The first bedroom yielded a decent-enough-looking bedstead with dust sheets over the mattress, which appeared dry and mercifully free of mice. Hester peeped into three other rooms, each with bedstead and mattress, thank goodness, and then opened wide the door into the room overlooking the front garden.

‘Oh! How lovely.’ This room had two generous windows, each with a window seat. Silk draperies marred with dust hung at each casement and between them stood a chaise-longue with a little table beside it. The bed was a charmingly feminine confection with slim posts festooned with embroidered silk. Hester touched one fall carefully, hastily withdrawing her hand as some of the silk shattered where it had been folded for so long. Again, enough care had been taken to protect the mattress and the room appeared habitable, if dirty and bone cold.

This chamber would be hers and Prudy and Susan could have their choice of the other rooms. Doubtless there were servants’ rooms in the attic, but they had too much to do to contemplate putting those to rights for quite a while. Susan would be much more comfortable down here.

There was another door in the corner of the room. Hester crossed to it, pausing for a moment to look at the ugly house opposite. In the summer it would be screened for the most part by a spreading elm tree; now it showed gaunt through the bare branches. Several windows were visible on the first floor, but there were no signs of life. Who lived there? Would they make congenial neighbours? She flicked over the catch on the window and after a tussle managed to push up the lower sash. Sharp, clear air flowed into the musty room and she smiled, taking a moment to enjoy it.

There was the sound of voices opposite and a gate in the high wall to the rear of the house opened. A curricle drawn by a pair of dark greys turned sharply out and headed away from the Green and out of the village. Unmistakably it was the earl who was driving and her own front wall was low enough for Hester to have an uninterrupted view of Guy Westrope’s profile.

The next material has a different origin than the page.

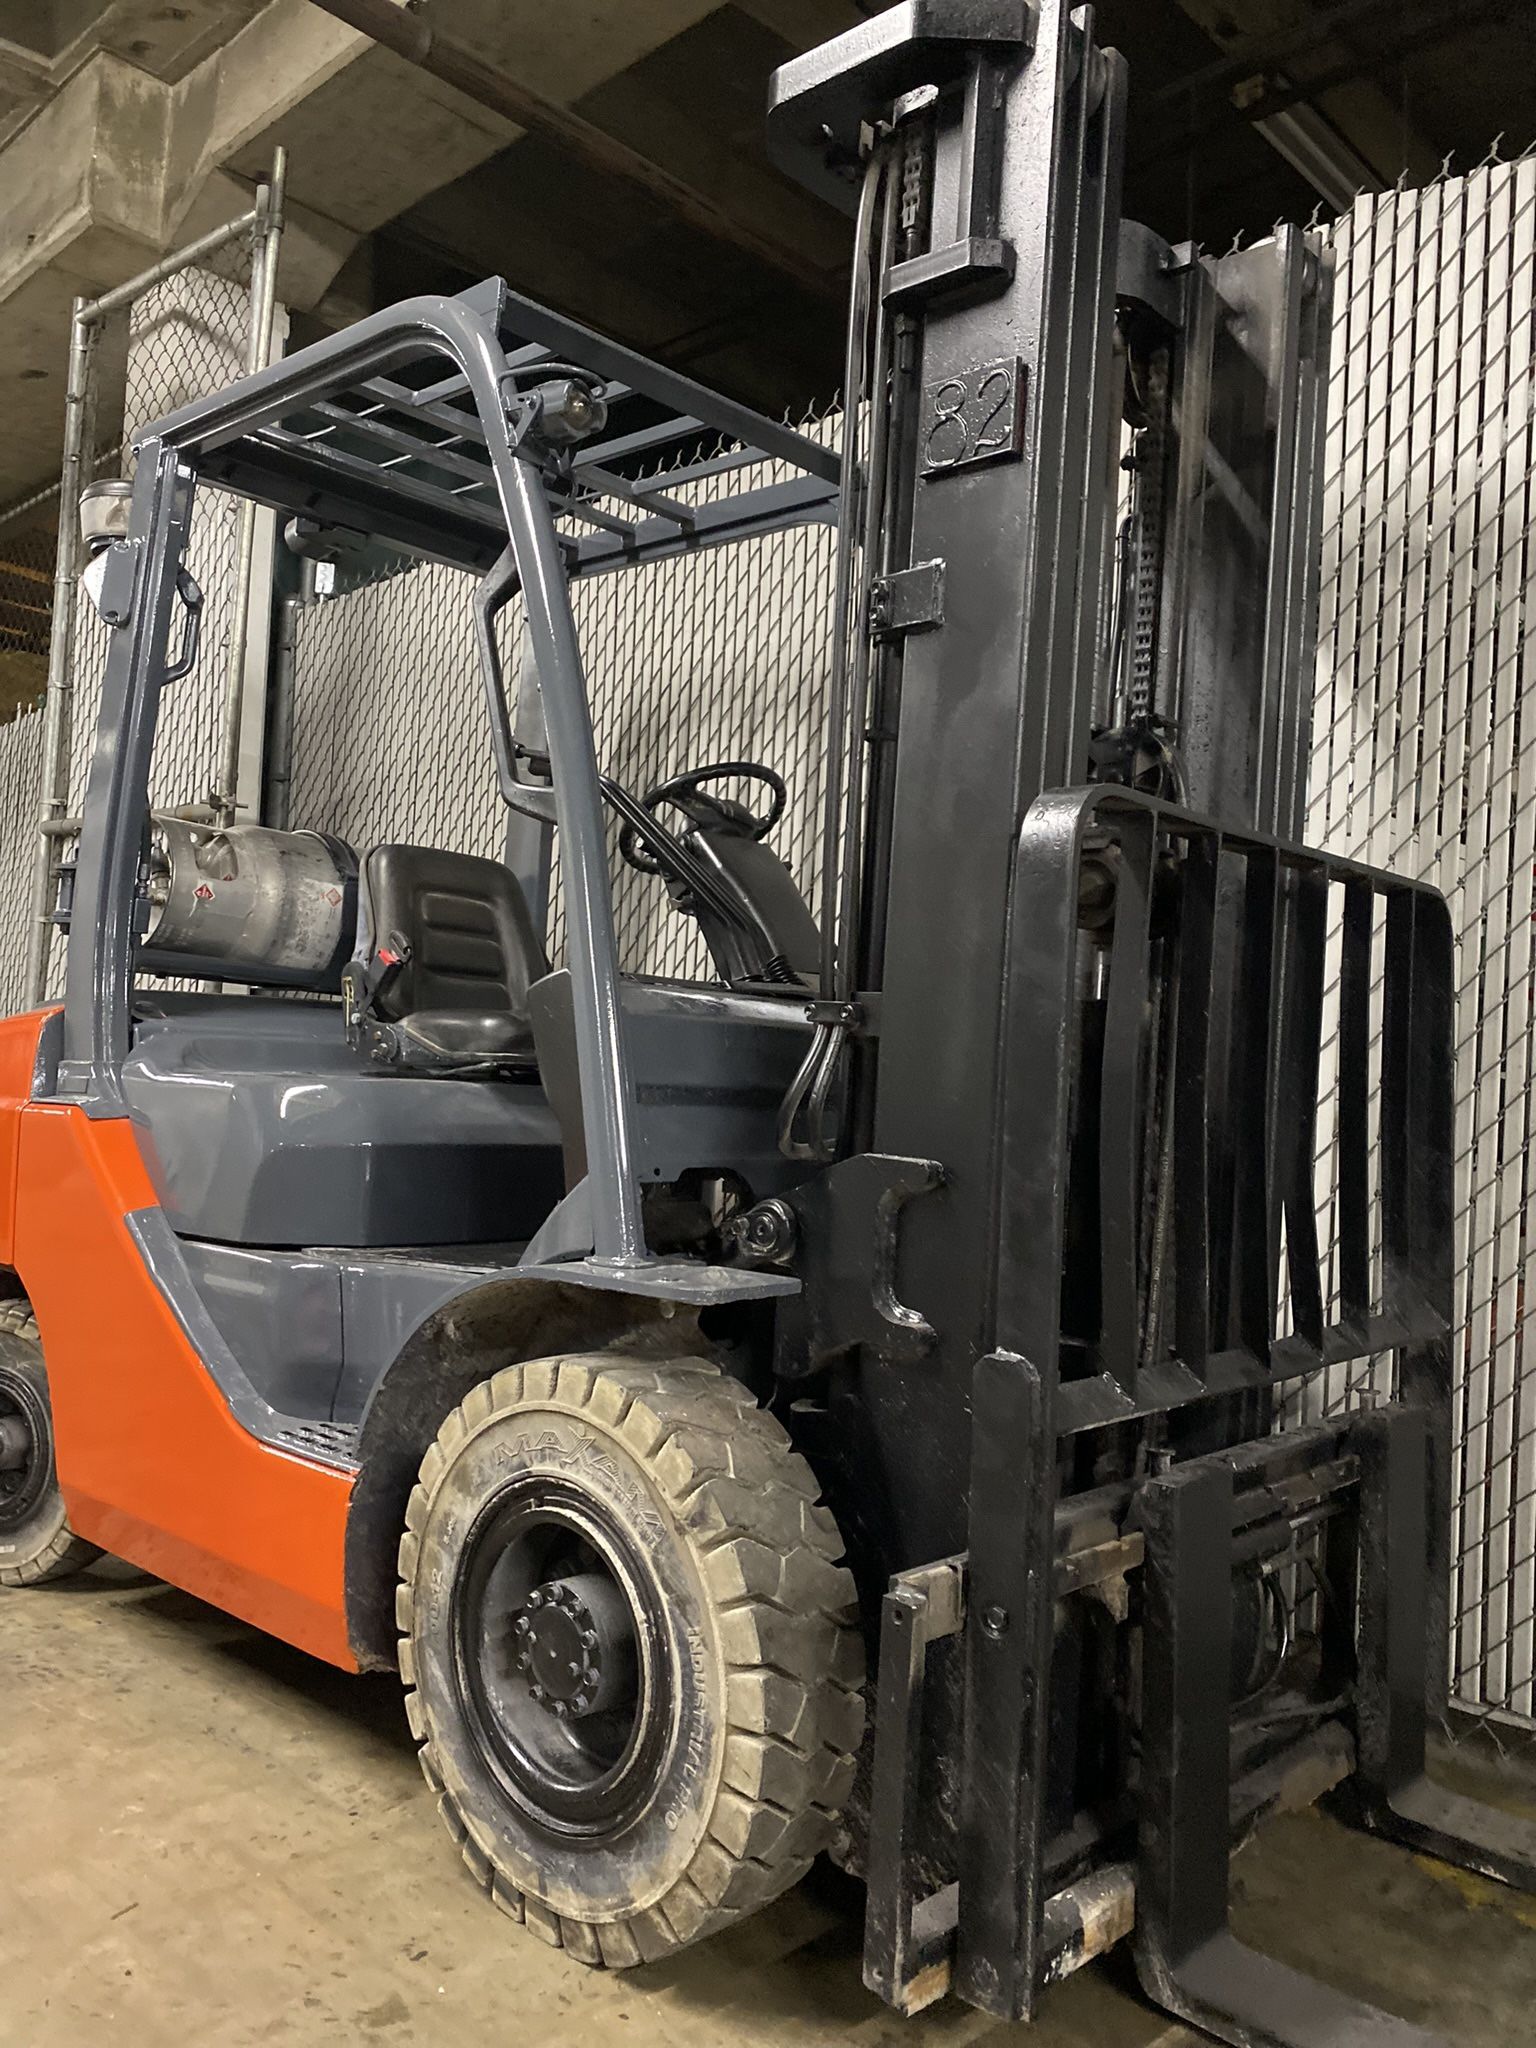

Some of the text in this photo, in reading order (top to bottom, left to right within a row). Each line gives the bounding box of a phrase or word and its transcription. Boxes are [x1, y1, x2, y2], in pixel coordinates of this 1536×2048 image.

Hester realised that she had been far too flustered to have more than a muddled impression of him from their encounter. Blue eyes, those she did recall, although at this distance they could not be discerned. She could not say what colour his hair was, but she remembered those eyes and the size of him—tall, broad-shouldered and powerful. To that she could now add the impression of a determined chin. He did not look like a man to be trifled with and the scowl with which he had greeted her, and the coolly polite tones he had used to address her, left her more than a little apprehensive over how he might react to discovering the deception she had practised on him. But when he had smiled, there was the glimpse of quite another man.

At least she now knew who her neighbour was, although congenial was hardly the word she would use to describe him. And it only added to the mystery: to find he was staying at the Bird in Hand while he conducted whatever business he had with her was one thing—but why was he staying here?

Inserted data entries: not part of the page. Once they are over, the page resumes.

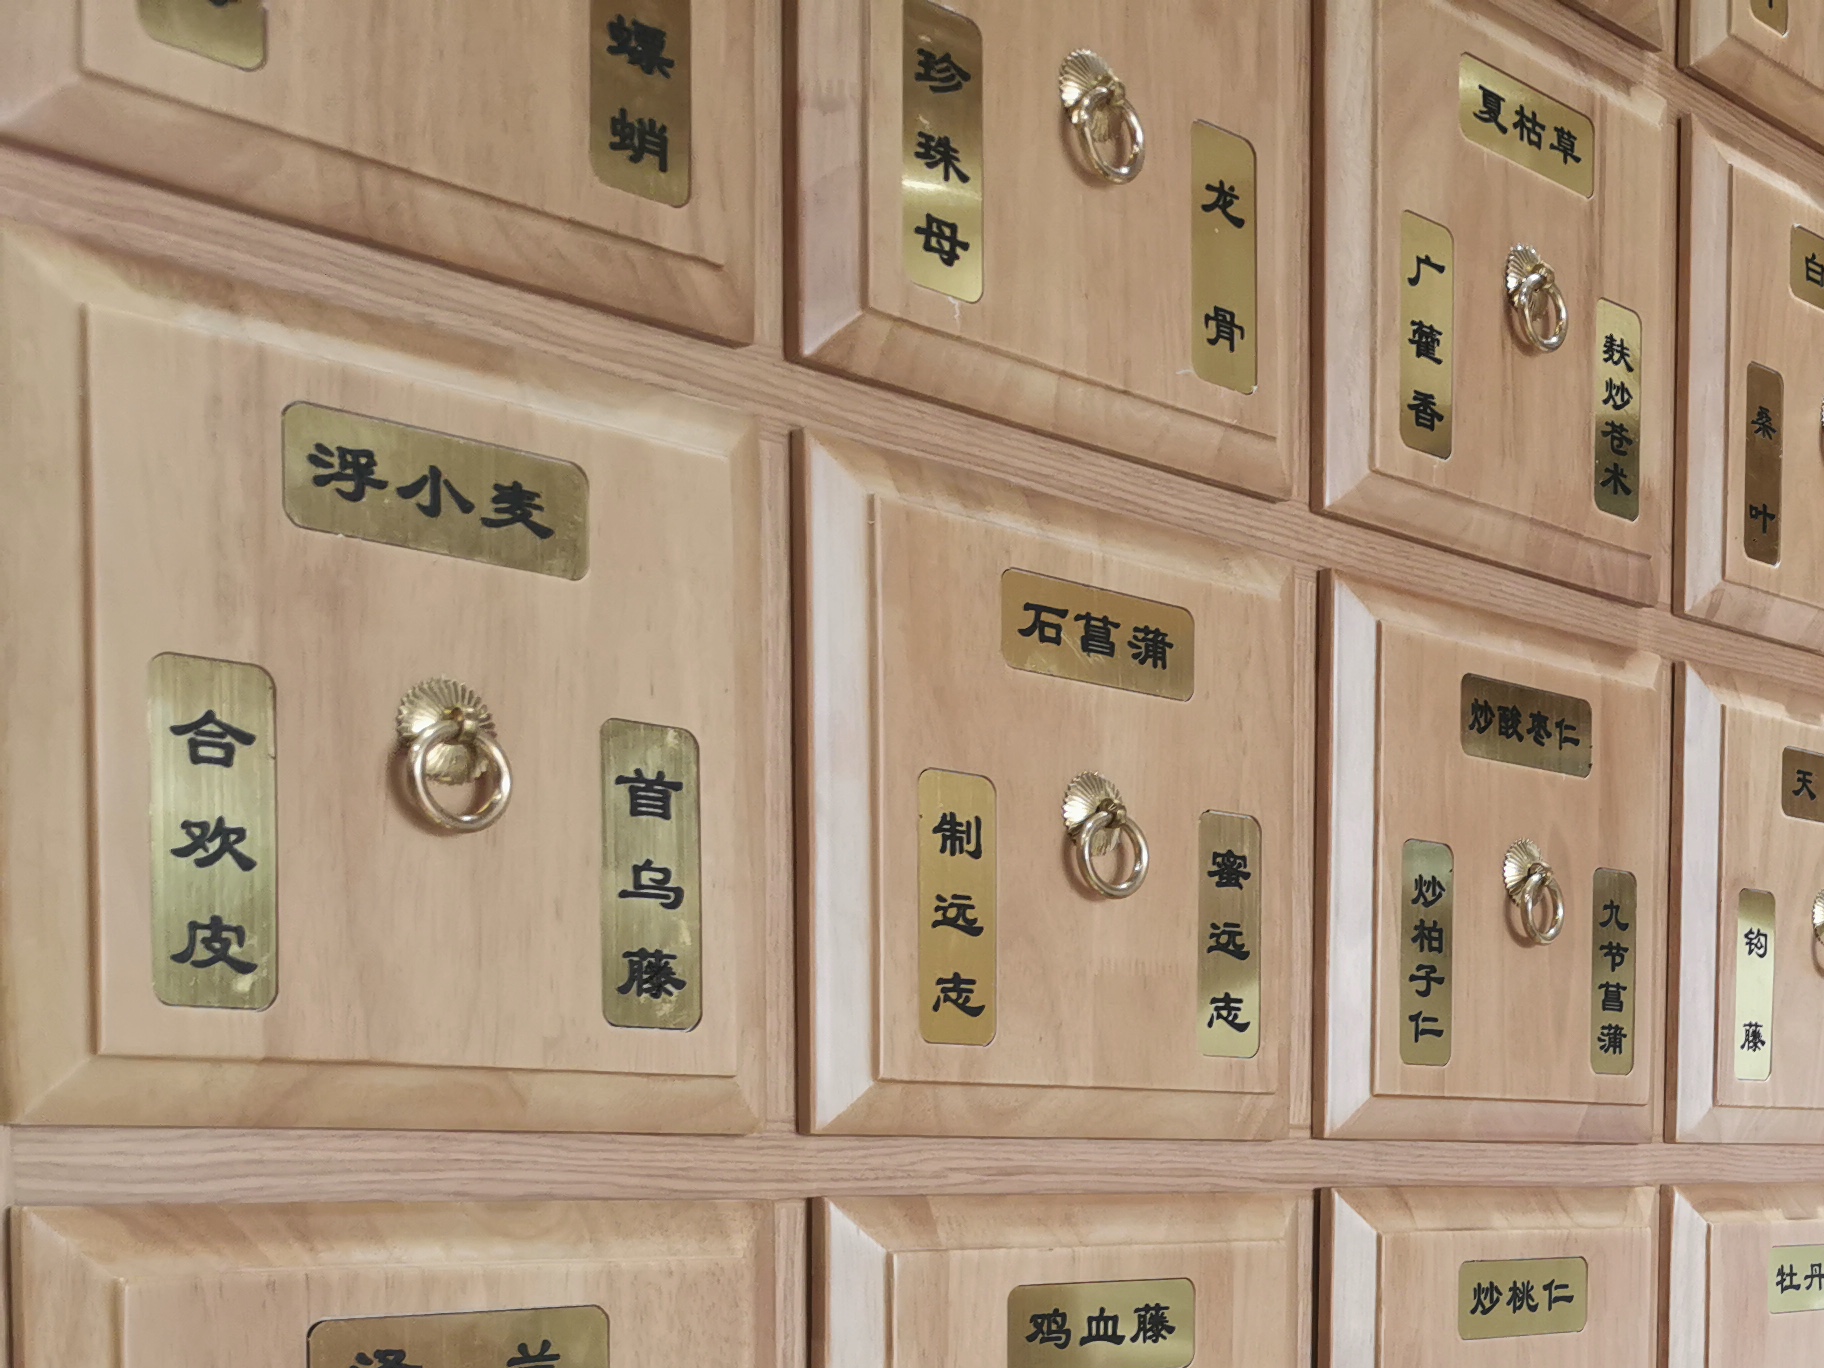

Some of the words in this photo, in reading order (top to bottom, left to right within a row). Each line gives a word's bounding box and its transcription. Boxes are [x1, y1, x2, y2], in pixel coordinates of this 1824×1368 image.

[914, 48, 970, 267] 珍珠母
[1473, 84, 1581, 165] 夏枯草
[1201, 179, 1245, 352] 龙骨
[1407, 255, 1445, 433] 广藿香
[307, 443, 555, 540] 浮小麦
[1601, 334, 1634, 497] 麸炒苍术
[1750, 406, 1776, 534] 桑叶
[1018, 602, 1174, 670] 石菖蒲
[1468, 698, 1580, 748] 炒酸枣仁
[170, 709, 258, 975] 合欢皮
[614, 769, 686, 999] 首乌藤
[932, 811, 986, 1018] 制远志
[1207, 849, 1251, 1033] 蜜远志
[1408, 875, 1445, 1043] 炒柏子仁
[1597, 901, 1629, 1056] 九节菖蒲
[1741, 927, 1767, 1052] 钩藤
[1025, 1302, 1175, 1350] 鸡血藤
[1469, 1279, 1574, 1316] 炒桃仁

If she didn’t stop idling about and get on with making this house fit to receive visitors, she’d lower herself even further in his estimation, she scolded herself mentally, getting to her feet and pushing open the remaining door.

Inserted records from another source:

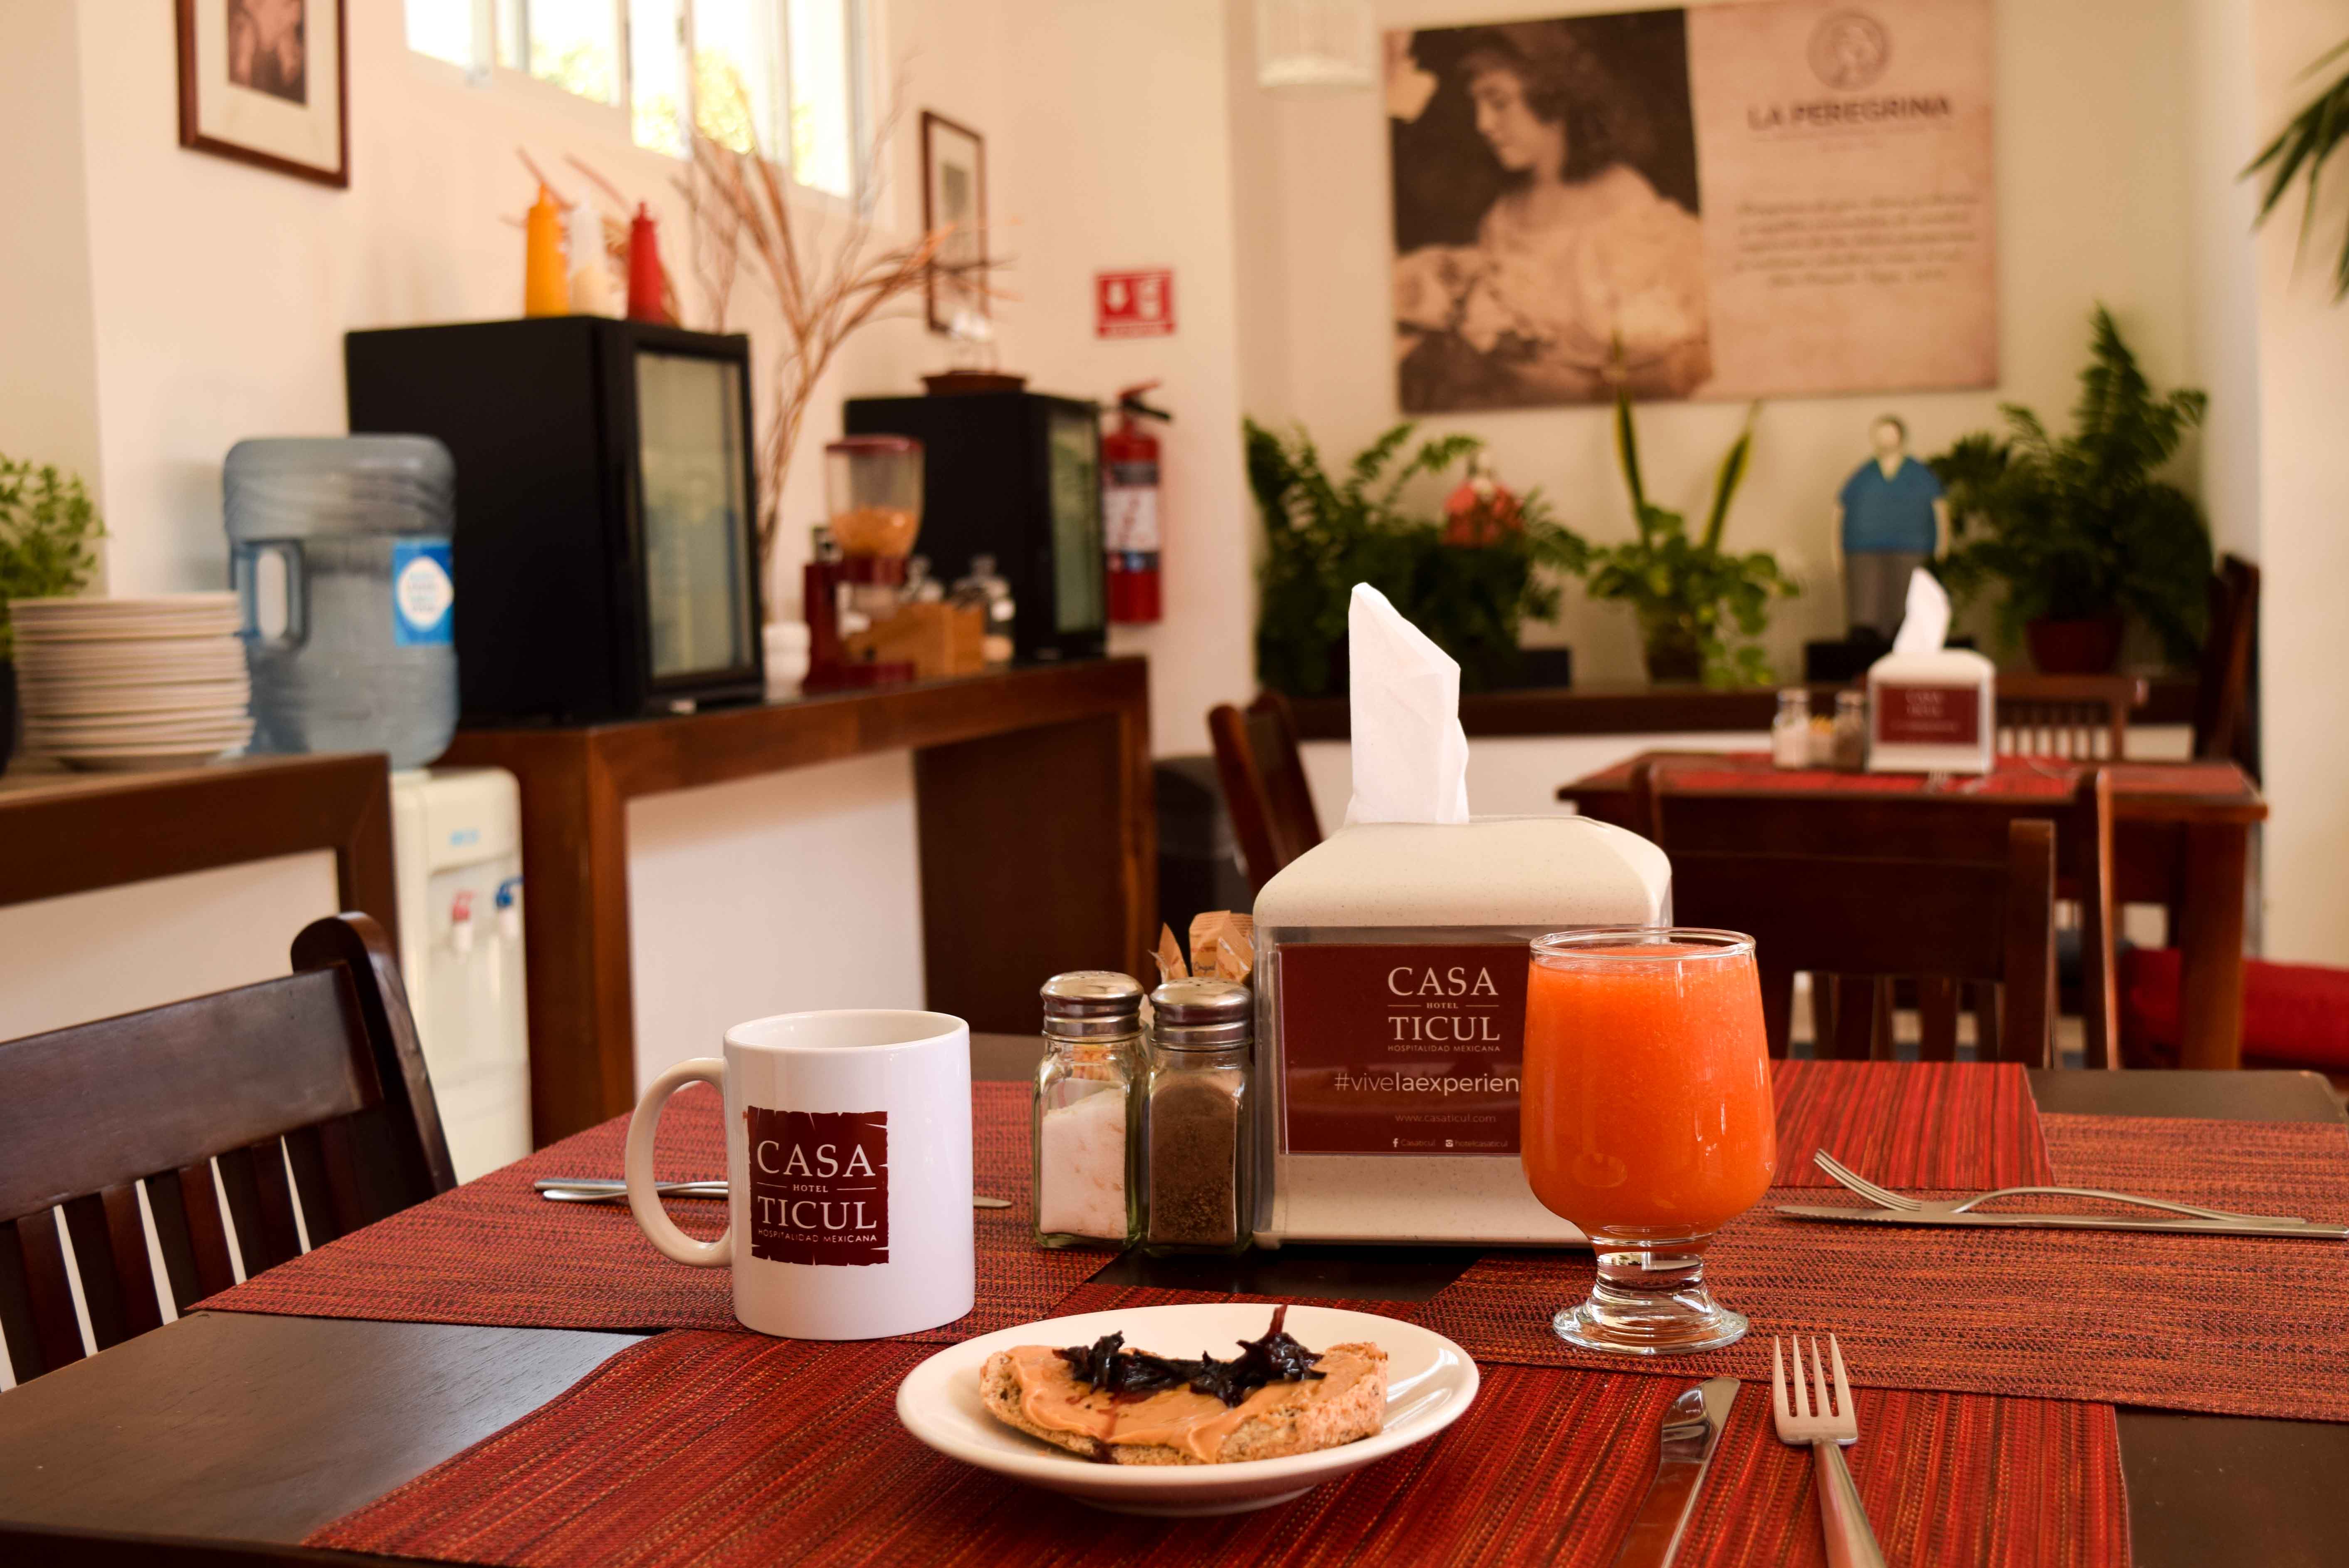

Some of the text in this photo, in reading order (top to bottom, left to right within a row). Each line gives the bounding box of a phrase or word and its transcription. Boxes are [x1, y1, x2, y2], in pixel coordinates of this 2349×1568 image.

[1747, 96, 1949, 130] LA PEREGRINA
[1388, 967, 1499, 996] CASA
[1388, 1016, 1500, 1041] TICUL
[1334, 1072, 1519, 1096] #vivelaexperien
[1395, 1114, 1497, 1123] www.casaticul.com
[757, 1140, 876, 1178] CASA
[793, 1184, 829, 1193] HOTEL
[757, 1195, 877, 1230] TICUL
[758, 1229, 877, 1243] HOSPITALIDAD MEXICANA

It opened into a dressing room and on to a scene of violence. Hester halted, appalled, on the threshold. The shield-shaped mirror that had stood on the dressing table was face down upon the floor, its glass smashed into shards that still lay where they had fallen. The doors to the clothes-presses hung open with the empty shelves pulled out and the chair before the dressing table was thrown on its side. One curtain hung from its last two rings, seemingly dragged down by some clutching hand.

A mass of filmy cloth lay at her feet. Automatically Hester stooped and picked it up, shaking it out to reveal an outrageously pretty nightgown of Indian muslin. It had been ripped from neck to hem. She moved abruptly backwards and something skittered out from beneath her foot. Under the blanketing dust the floor was strewn with pearls, enough to have made a veritable rope when strung.

What had happened in this chamber? Abduction? Rape? Murder? The calmly happy atmosphere of the house seemed to freeze here into anger and fear. Behind her the curtains flapped as the outer door opened and the door at her back slammed shut with enough force to propel her into the desecrated room.

Hester swung round, suddenly afraid, her feet scrabbling on the treacherous pearls, her grasp on the door handle hampered by the nightgown. Against her own hands it began to turn. Someone was outside.

Chapter Two (#uab175c40-c4bf-51e8-8940-11867ed5ba21)

‘Jethro! You gave me such a fright.’

‘I’m sorry, Miss Hester, but I brought in the hampers and I couldn’t see you. I called, then I thought I’d better come and find you.’ He glanced over her shoulder and went pale under the freckles. ‘Gawd, Miss Hester, what’s happened in there?’

‘Do not blaspheme, Jethro,’ Hester said automatically, turning to let him see in. ‘I have no idea, but it does not look as if it were anything good.’ She twisted up the nightrail in her hands. Jethro was only a lad for all his size and his growing awareness of girls, and she did not want him seeing that violated, intimate garment.

‘That’s blood, Miss Hester.’ He was already into the room, his feet crunching on broken glass and leaving clear tracks through the undisturbed dust.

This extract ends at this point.